Excerpt:
Josh Allen made a play. Heck, he made a few of them, as he should considering he’s one of the best quarterbacks in the NFL.
Sometimes the other guy is just good, and that’s the difference, and ultimately why the Buffalo Bills beat the Detroit Lions on Thursday, 28-25 — a little too much Allen.
Yeah, it stings, and it will because the Lions looked legitimate on the national stage. In fact, they looked more than that:
They looked good. And have for a month now.
It’s no longer a fluke. Not when the Lions were leading a Super Bowl contender with five minutes to go. Not when they overcame a fumble, a missed field goal, a safety, some tough injury luck and a few bad breaks to be in a position to win.
Know that before you bemoan the late clock management and the defense that gave up a 36-yard pass from Allen to Stefon Diggs with 23 seconds left — a pass that set up the game-winning, soul-crushing field goal — the Lions got the late-game lead despite not being able to run the ball because its starting guards were out with injuries.
Jonah Jackson and Evan Brown should name their price moving forward. Without them, Jamaal Williams and D’Andre Swift had nowhere to go, and Jared Goff had to deal with a blown-up pocket all afternoon.
Yet they managed 25 points.
All game, the Lions showed the kind of toughness that Campbell and Holmes keep preaching. It’s starting to look like an identity.
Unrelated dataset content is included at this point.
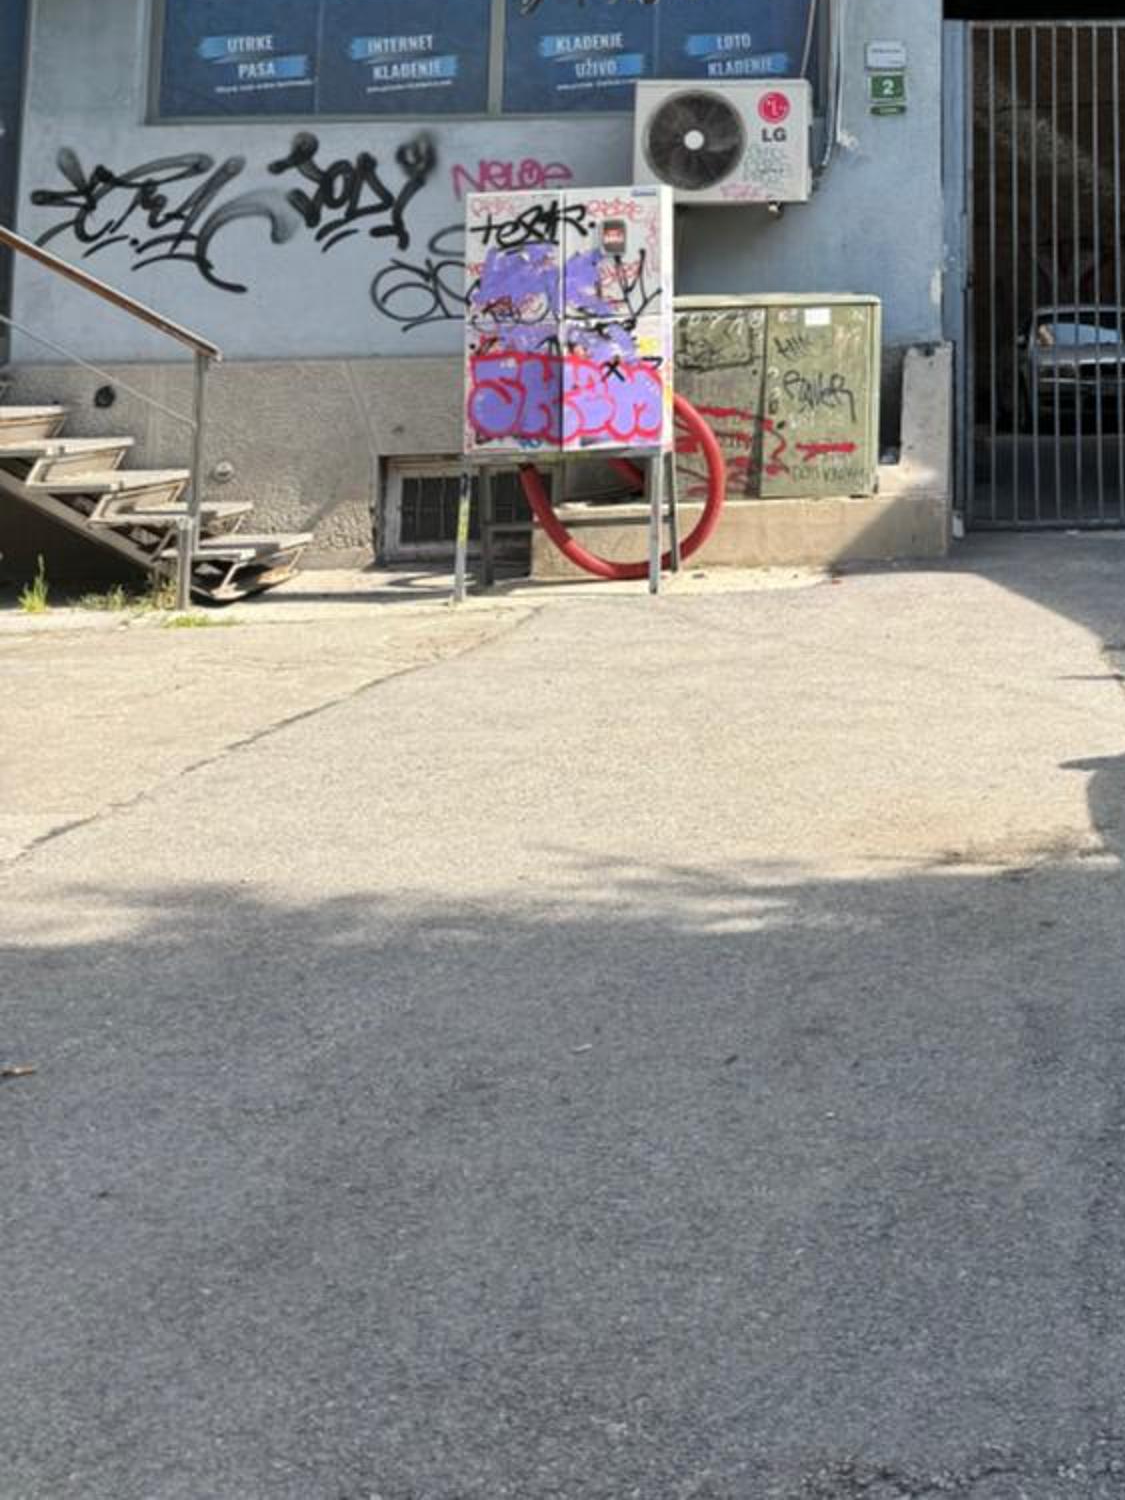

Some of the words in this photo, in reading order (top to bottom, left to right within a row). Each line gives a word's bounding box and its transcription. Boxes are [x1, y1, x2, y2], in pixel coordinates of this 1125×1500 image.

Yeah, the Lions lost a heartbreaker. Yeah, Austin Bryant unnecessarily threw Allen to the ground after he’d thrown an incompletion and drew a roughing-the-passer penalty that helped the Bills score a touchdown. And yeah, Williams fumbled, and Michael Badgley missed a short field goal and Goff took a safety.
But pointing out the mistakes implies that other teams don’t make them. They do. They best teams do. Buffalo did. The Bills just have Allen, that’s all. He made a couple more positive plays to offset the negative ones.
The Lions were right there anyway. Think of it as progress.
Thursday’s showing suggests more is on the way.
There’s a lot more to this opinion piece, but I thought these were the main points.